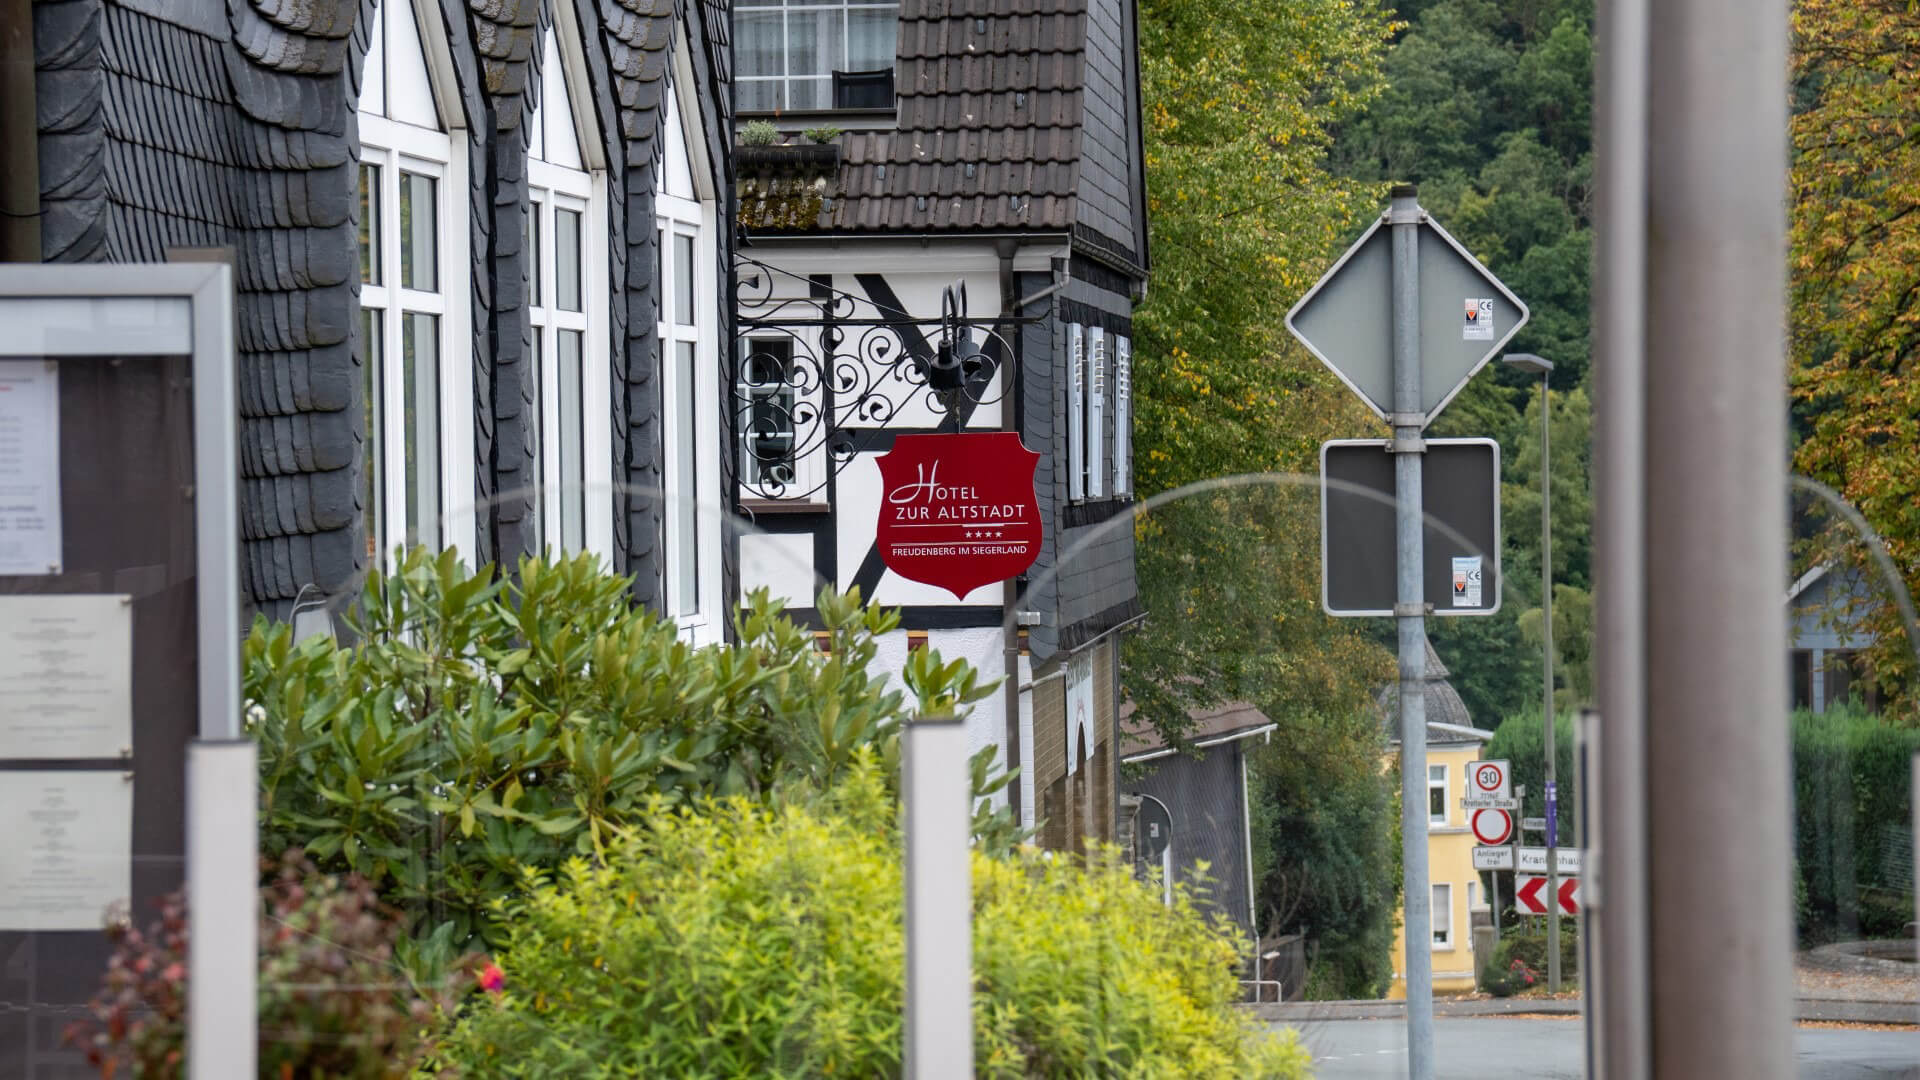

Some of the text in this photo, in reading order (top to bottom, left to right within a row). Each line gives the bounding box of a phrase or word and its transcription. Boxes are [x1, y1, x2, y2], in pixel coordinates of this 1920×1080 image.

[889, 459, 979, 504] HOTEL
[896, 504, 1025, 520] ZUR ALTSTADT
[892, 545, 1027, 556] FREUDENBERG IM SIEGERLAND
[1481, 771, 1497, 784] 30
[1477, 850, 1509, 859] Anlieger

> _Exercise details_:
Output each record above exactly as it stands, excluding all pictures.

> _Answer area_:
Some of the text in this photo, in reading order (top to bottom, left to right within a row). Each line gives the bounding box of a phrase or word and its transcription. Boxes are [x1, y1, x2, y2], in pixel coordinates of this 1920×1080 image.

[889, 459, 979, 504] HOTEL
[896, 504, 1025, 520] ZUR ALTSTADT
[892, 545, 1027, 556] FREUDENBERG IM SIEGERLAND
[1481, 771, 1497, 784] 30
[1477, 850, 1509, 859] Anlieger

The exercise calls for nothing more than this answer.